■ **Task to complete**
Reproduce every line of the material below, but drop the pictures.
==================================================
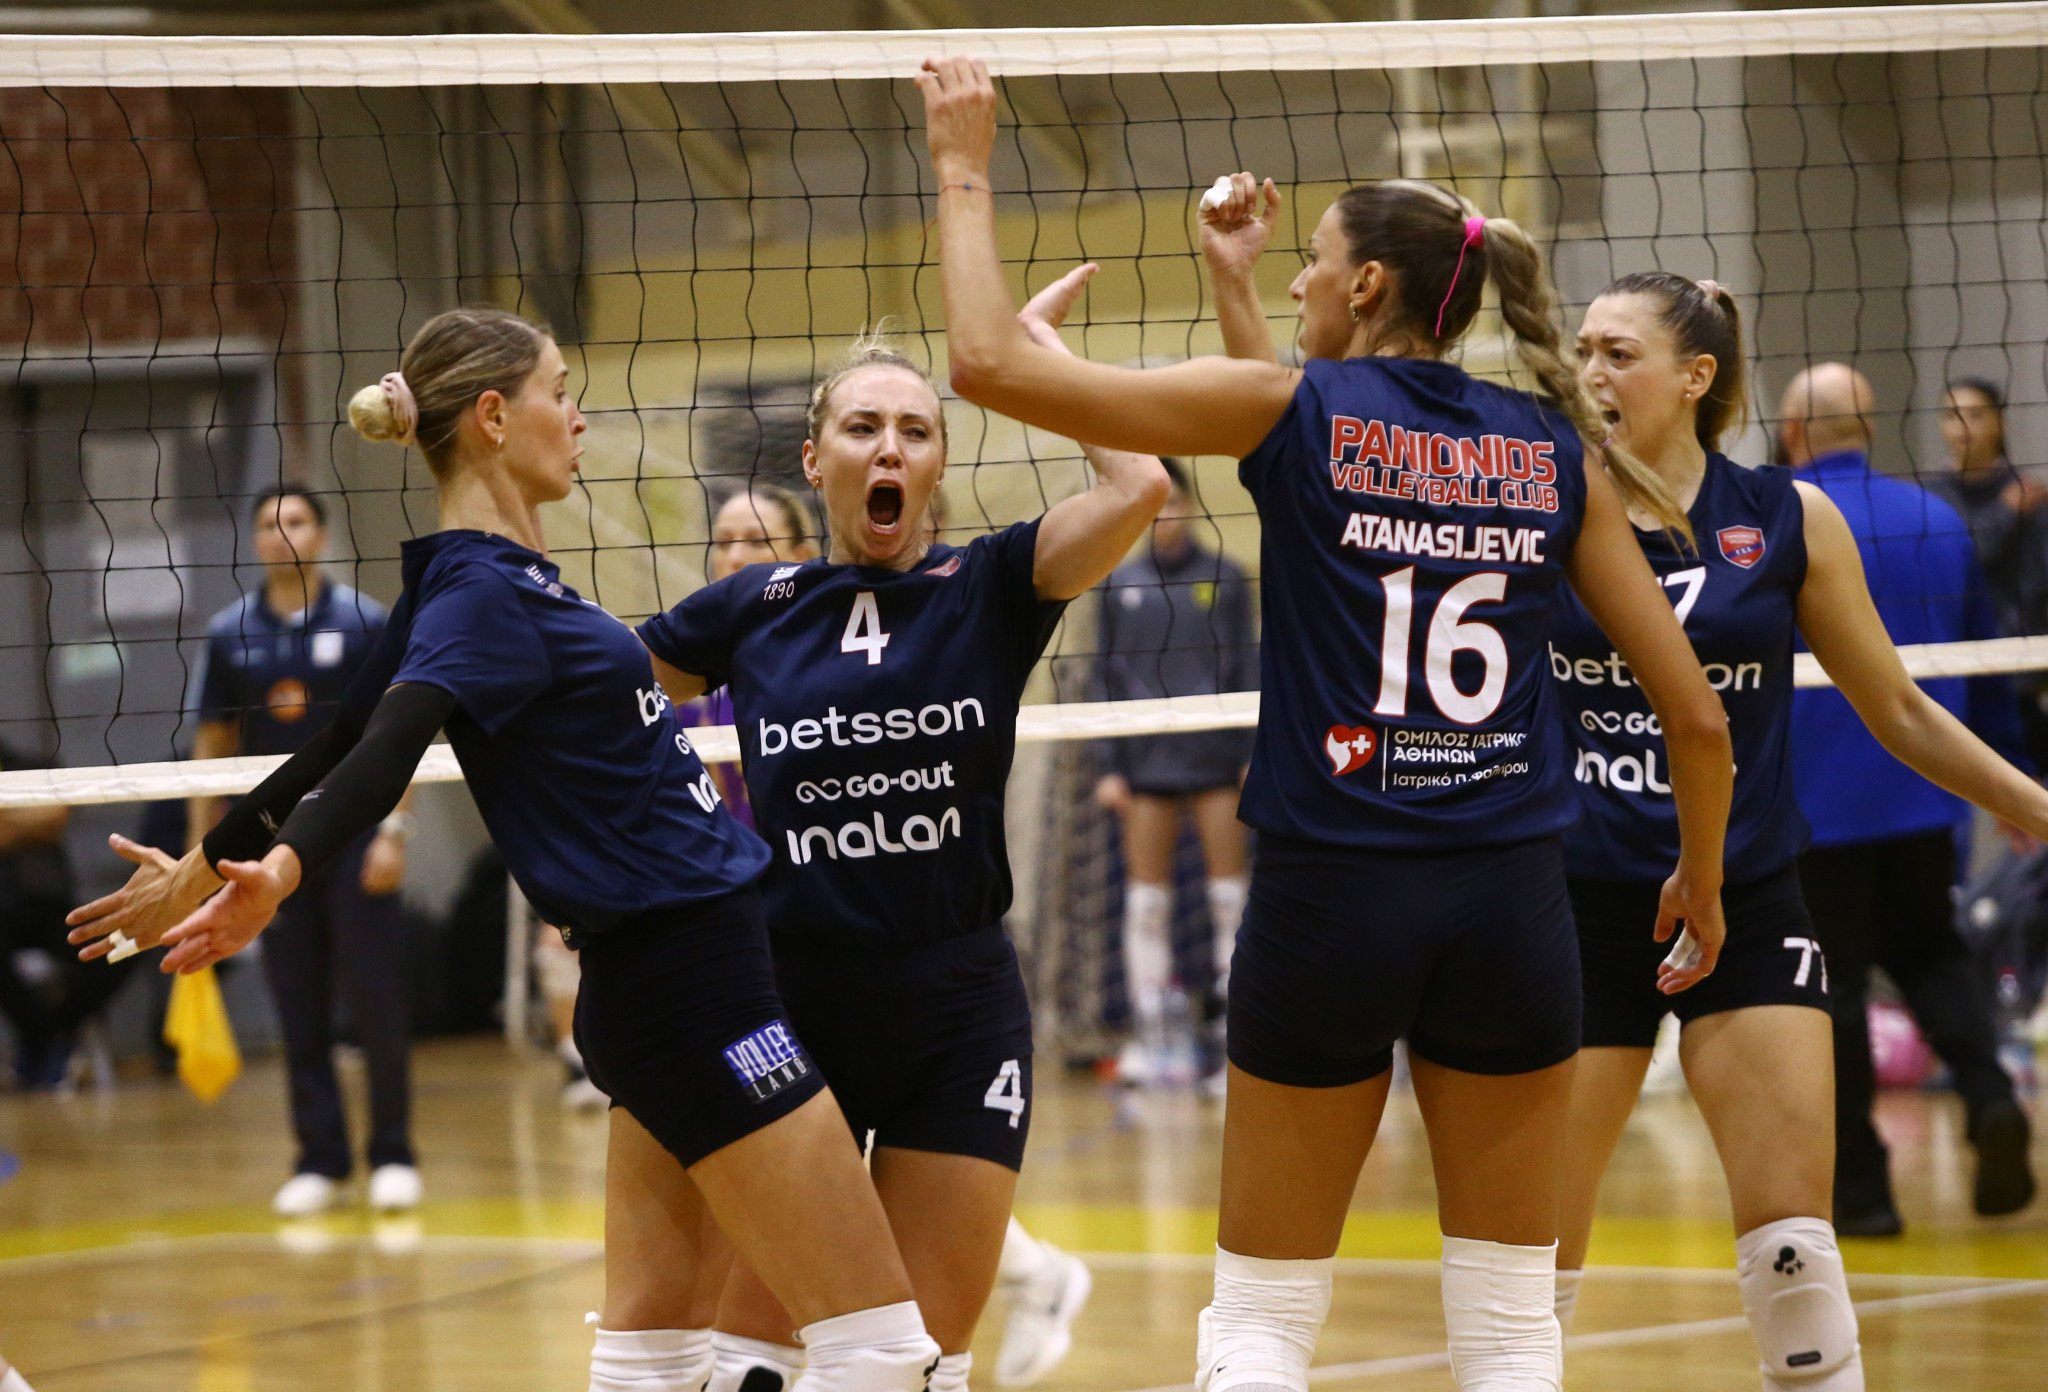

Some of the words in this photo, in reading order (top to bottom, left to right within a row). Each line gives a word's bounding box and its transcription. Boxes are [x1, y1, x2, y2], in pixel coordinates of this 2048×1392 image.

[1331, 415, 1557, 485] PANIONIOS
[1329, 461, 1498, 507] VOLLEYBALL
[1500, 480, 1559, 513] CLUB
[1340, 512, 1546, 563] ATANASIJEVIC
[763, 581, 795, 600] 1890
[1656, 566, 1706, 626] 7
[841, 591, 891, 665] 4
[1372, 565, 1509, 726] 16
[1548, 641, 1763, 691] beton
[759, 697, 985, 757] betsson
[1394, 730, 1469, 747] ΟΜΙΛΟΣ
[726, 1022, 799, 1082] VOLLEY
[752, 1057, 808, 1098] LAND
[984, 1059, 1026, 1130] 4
==================================================
■ **Exercise response**
Some of the words in this photo, in reading order (top to bottom, left to right within a row). Each line gives a word's bounding box and its transcription. Boxes are [x1, y1, x2, y2], in pixel coordinates of this 2048×1392 image.

[1331, 415, 1557, 485] PANIONIOS
[1329, 461, 1498, 507] VOLLEYBALL
[1500, 480, 1559, 513] CLUB
[1340, 512, 1546, 563] ATANASIJEVIC
[763, 581, 795, 600] 1890
[1656, 566, 1706, 626] 7
[841, 591, 891, 665] 4
[1372, 565, 1509, 726] 16
[1548, 641, 1763, 691] beton
[759, 697, 985, 757] betsson
[1394, 730, 1469, 747] ΟΜΙΛΟΣ
[726, 1022, 799, 1082] VOLLEY
[752, 1057, 808, 1098] LAND
[984, 1059, 1026, 1130] 4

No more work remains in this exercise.